Available data START

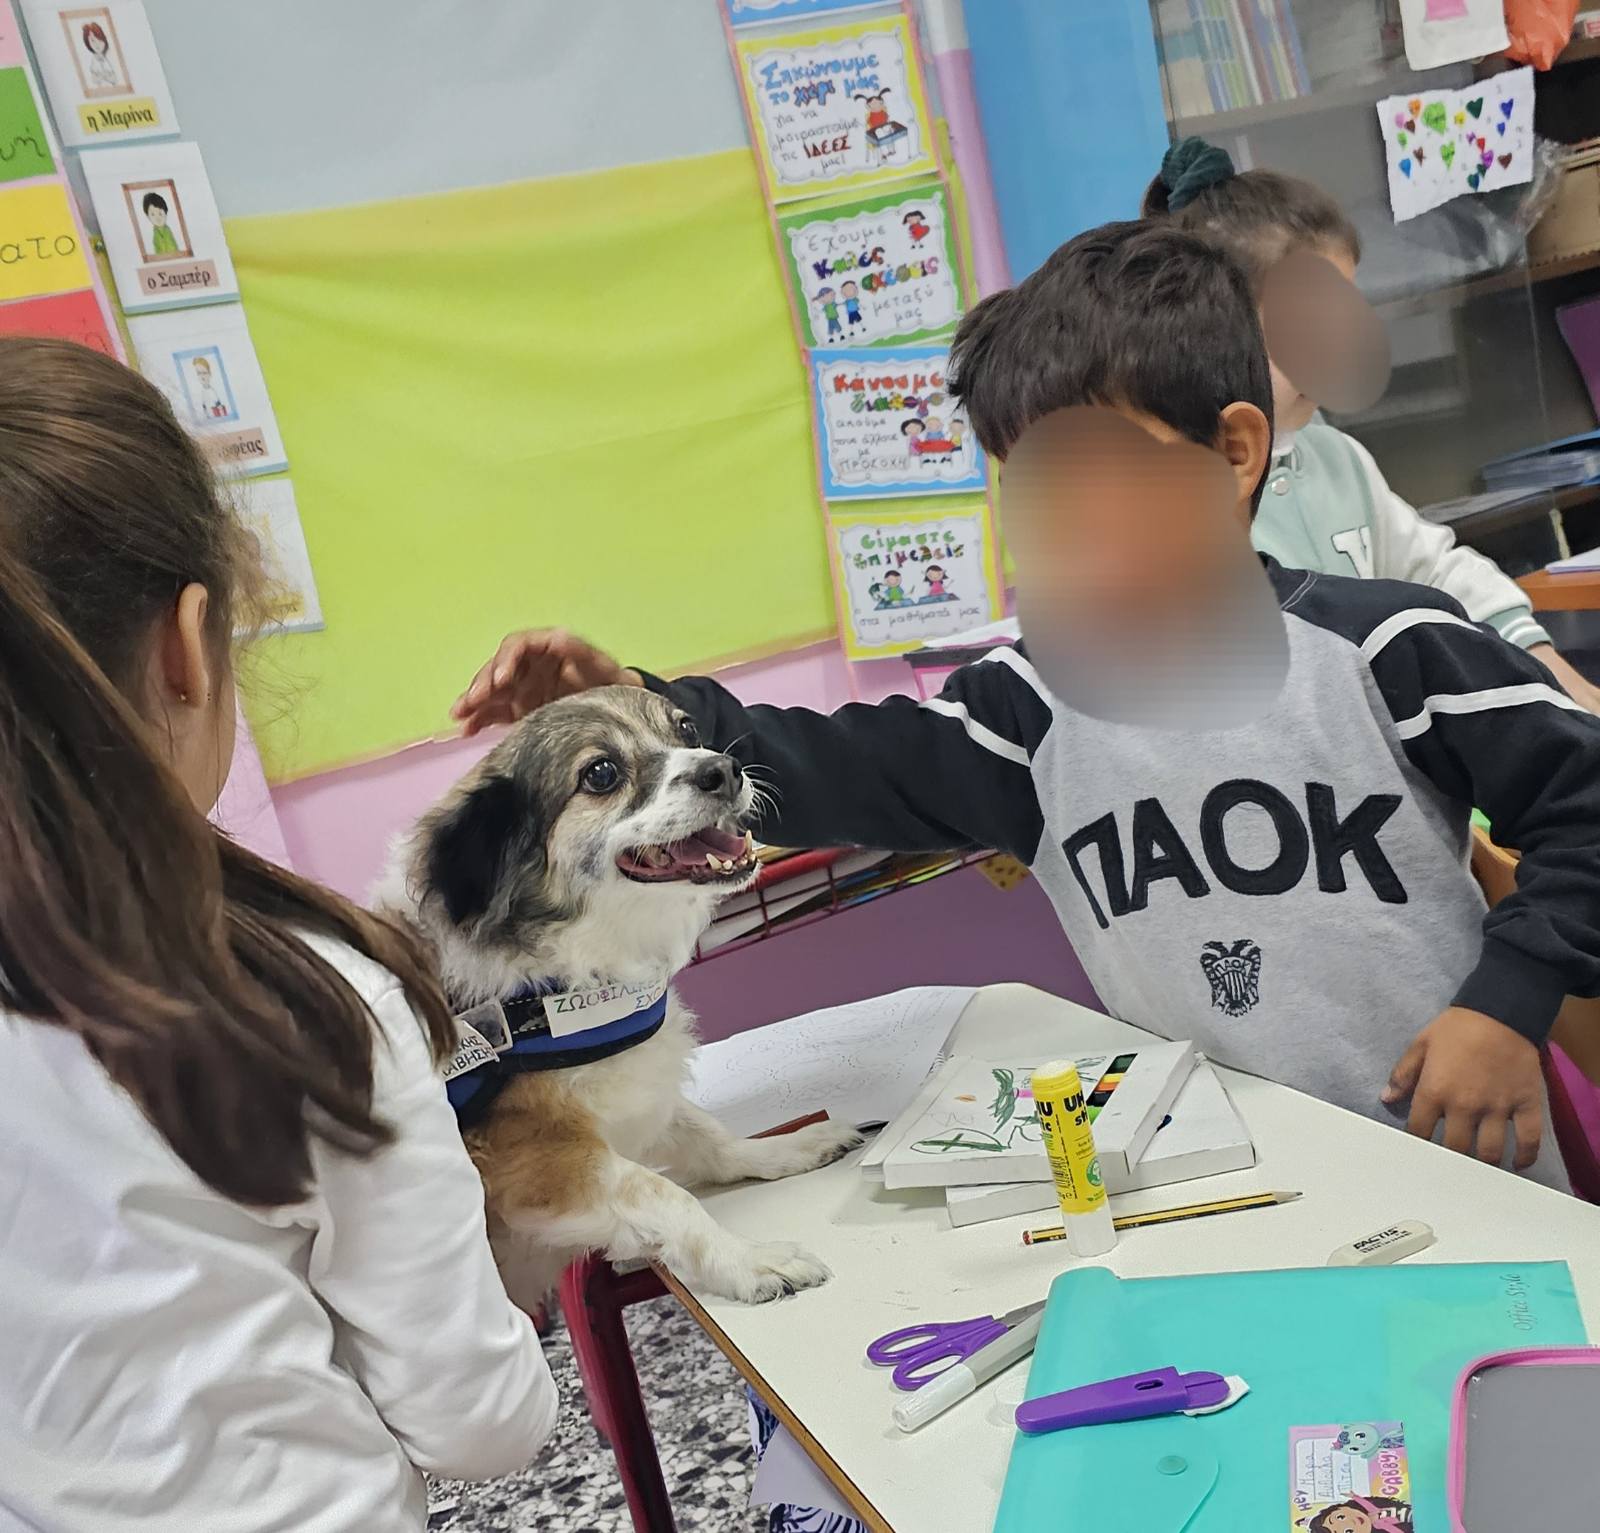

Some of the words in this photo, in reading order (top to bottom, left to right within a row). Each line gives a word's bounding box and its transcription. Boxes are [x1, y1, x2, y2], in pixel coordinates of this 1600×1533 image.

[769, 91, 789, 105] το
[87, 114, 99, 132] η
[99, 104, 154, 127] Μαρίνα
[773, 113, 795, 129] για
[803, 109, 818, 120] να
[147, 277, 157, 290] ο
[159, 268, 211, 289] Σαμπέρ
[872, 283, 934, 318] μεταξύ
[894, 307, 924, 328] μας
[1061, 778, 1408, 929] ΠΑΟΚ
[1353, 1226, 1398, 1249] FACTIS
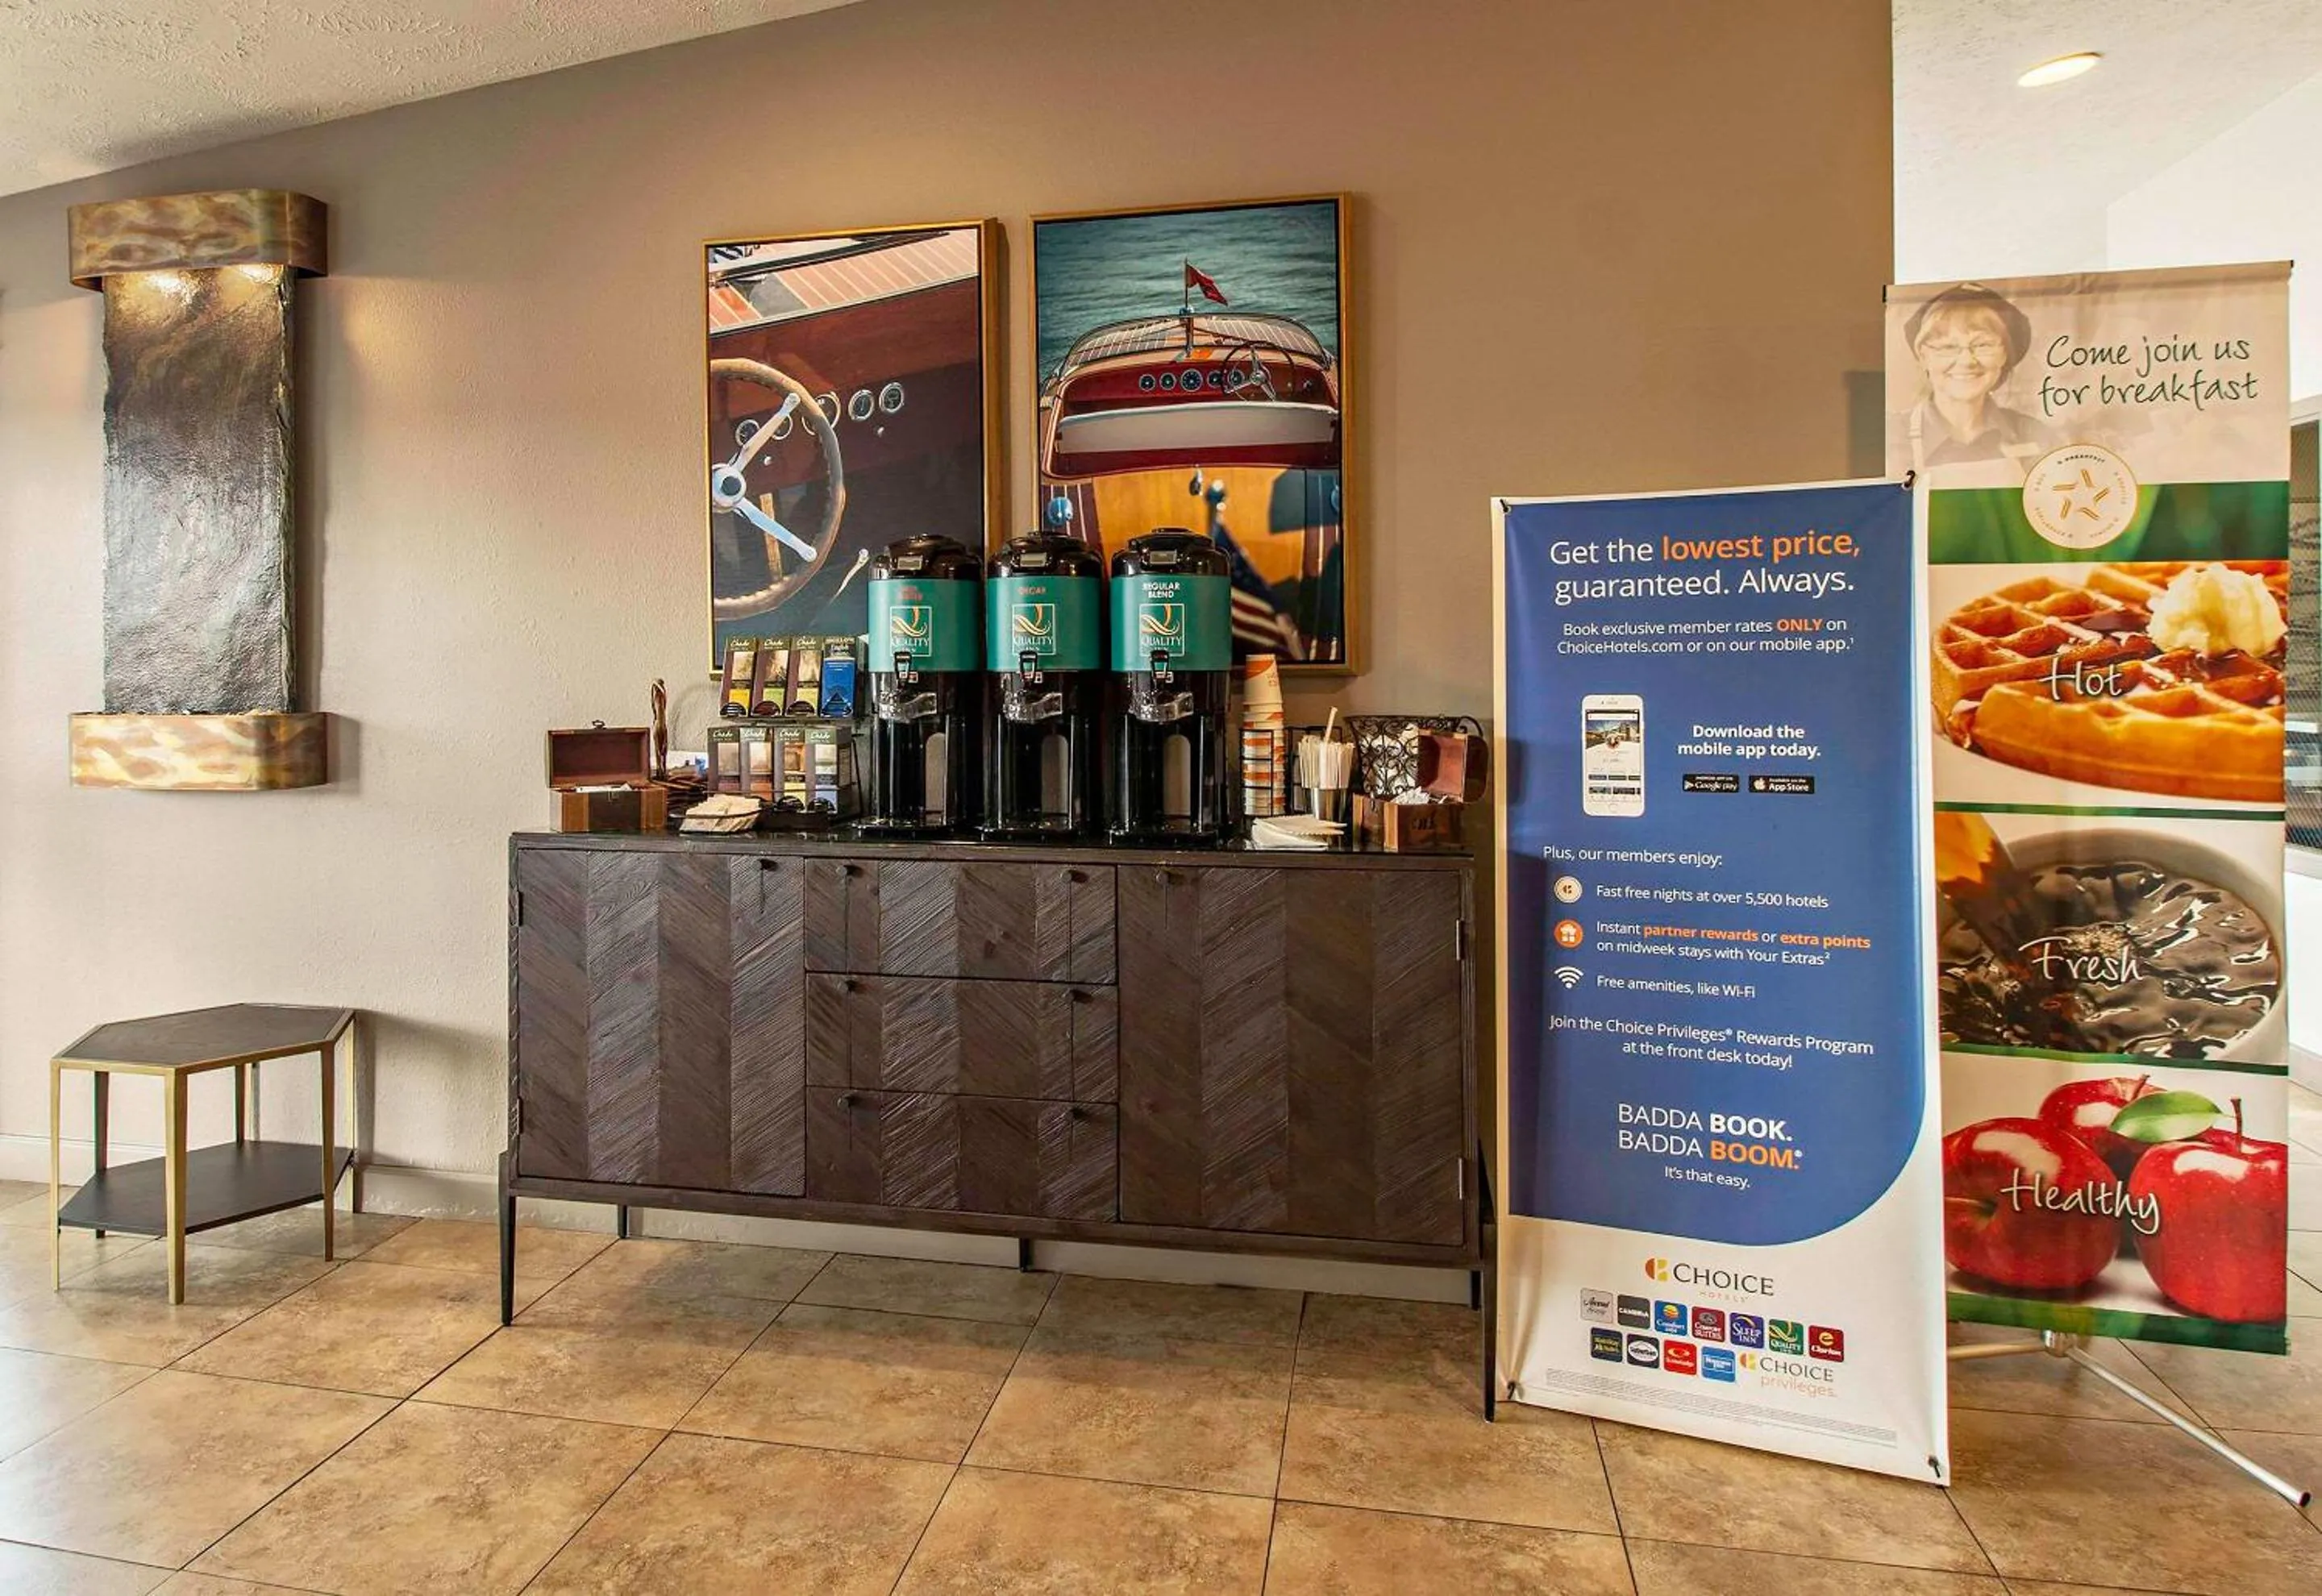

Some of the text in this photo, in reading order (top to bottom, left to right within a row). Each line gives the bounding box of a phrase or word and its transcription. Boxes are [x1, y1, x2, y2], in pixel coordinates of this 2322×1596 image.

[2046, 335, 2251, 378] Come join us
[2038, 368, 2260, 418] for breakfast
[1550, 530, 1861, 564] Get the lowest price,
[1554, 568, 1854, 605] guaranteed. Always.
[1563, 618, 1846, 636] Book exclusive member rates ONLY on
[1141, 636, 1181, 646] QUALITY
[1558, 639, 1683, 655] ChoiceHotels.com
[1687, 642, 1703, 653] or
[1707, 641, 1727, 652] on
[1731, 640, 1755, 651] our
[1759, 637, 1811, 650] mobile
[2041, 655, 2124, 699] Hot
[1693, 725, 1804, 738] Download the
[1678, 742, 1821, 760] mobile app today.
[1769, 783, 1809, 792] App Store
[1543, 846, 1723, 869] Plus, our members enjoy:
[1597, 885, 1829, 908] Fast free nights at over 5,500 hotels
[1596, 921, 1871, 950] Instant partner rewards or extra points
[1596, 941, 1613, 952] on
[1617, 940, 1675, 956] midweek
[1678, 944, 1712, 959] stays
[1714, 946, 1743, 960] with
[1746, 948, 1779, 962] Your
[2018, 936, 2145, 985] Fresh
[1596, 975, 1756, 999] Free amenities, like Wi-Fi
[1550, 1015, 1575, 1030] Join
[1579, 1017, 1602, 1031] the
[1606, 1020, 1654, 1035] Choice
[1737, 1031, 1801, 1049] Rewards
[1805, 1037, 1874, 1058] Program
[1622, 1041, 1792, 1071] at the front desk today!
[1618, 1103, 1793, 1142] BADDA BOOK.
[1618, 1130, 1703, 1158] BADDA
[1665, 1166, 1750, 1191] It's that easy.
[2000, 1166, 2162, 1236] Healthy
[1673, 1263, 1775, 1296] CHOICE
[1733, 1323, 1762, 1338] SLEEP
[1739, 1334, 1756, 1344] INN
[1811, 1345, 1841, 1356] Clarion
[1760, 1357, 1833, 1382] CHOICE
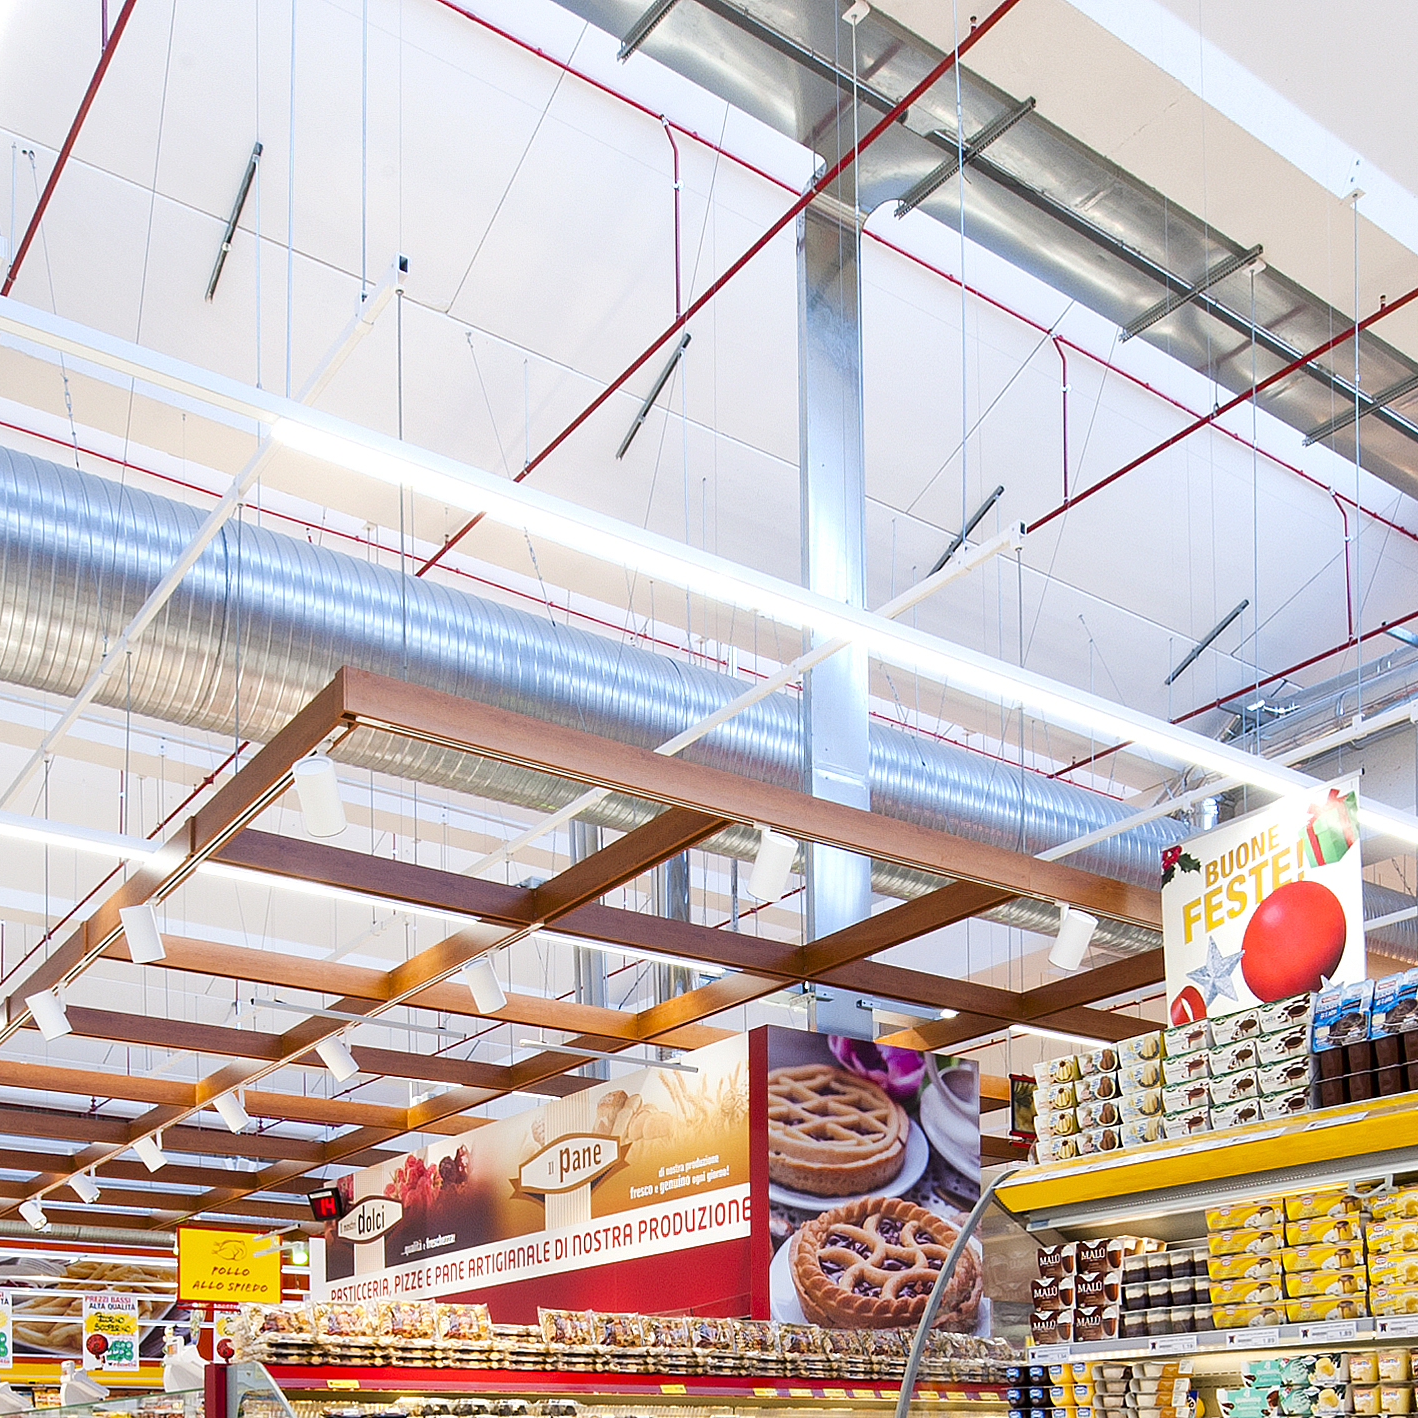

Available data END

▸ **Try it**
When restating the records word for word, omit any picture they contain.

▸ **Answer to this task**
Some of the words in this photo, in reading order (top to bottom, left to right within a row). Each line gives a word's bounding box and its transcription. Boxes are [x1, y1, x2, y2], in pixel coordinates of this 1600×1533 image.

[769, 91, 789, 105] το
[87, 114, 99, 132] η
[99, 104, 154, 127] Μαρίνα
[773, 113, 795, 129] για
[803, 109, 818, 120] να
[147, 277, 157, 290] ο
[159, 268, 211, 289] Σαμπέρ
[872, 283, 934, 318] μεταξύ
[894, 307, 924, 328] μας
[1061, 778, 1408, 929] ΠΑΟΚ
[1353, 1226, 1398, 1249] FACTIS

Some of the text in this photo, in reading order (top to bottom, left to right within a row). Each line gives the bounding box of a phrase or word and its transcription. Boxes are [x1, y1, x2, y2], in pixel coordinates of this 2322×1596 image.

[2046, 335, 2251, 378] Come join us
[2038, 368, 2260, 418] for breakfast
[1550, 530, 1861, 564] Get the lowest price,
[1554, 568, 1854, 605] guaranteed. Always.
[1563, 618, 1846, 636] Book exclusive member rates ONLY on
[1141, 636, 1181, 646] QUALITY
[1558, 639, 1683, 655] ChoiceHotels.com
[1687, 642, 1703, 653] or
[1707, 641, 1727, 652] on
[1731, 640, 1755, 651] our
[1759, 637, 1811, 650] mobile
[2041, 655, 2124, 699] Hot
[1693, 725, 1804, 738] Download the
[1678, 742, 1821, 760] mobile app today.
[1769, 783, 1809, 792] App Store
[1543, 846, 1723, 869] Plus, our members enjoy:
[1597, 885, 1829, 908] Fast free nights at over 5,500 hotels
[1596, 921, 1871, 950] Instant partner rewards or extra points
[1596, 941, 1613, 952] on
[1617, 940, 1675, 956] midweek
[1678, 944, 1712, 959] stays
[1714, 946, 1743, 960] with
[1746, 948, 1779, 962] Your
[2018, 936, 2145, 985] Fresh
[1596, 975, 1756, 999] Free amenities, like Wi-Fi
[1550, 1015, 1575, 1030] Join
[1579, 1017, 1602, 1031] the
[1606, 1020, 1654, 1035] Choice
[1737, 1031, 1801, 1049] Rewards
[1805, 1037, 1874, 1058] Program
[1622, 1041, 1792, 1071] at the front desk today!
[1618, 1103, 1793, 1142] BADDA BOOK.
[1618, 1130, 1703, 1158] BADDA
[1665, 1166, 1750, 1191] It's that easy.
[2000, 1166, 2162, 1236] Healthy
[1673, 1263, 1775, 1296] CHOICE
[1733, 1323, 1762, 1338] SLEEP
[1739, 1334, 1756, 1344] INN
[1811, 1345, 1841, 1356] Clarion
[1760, 1357, 1833, 1382] CHOICE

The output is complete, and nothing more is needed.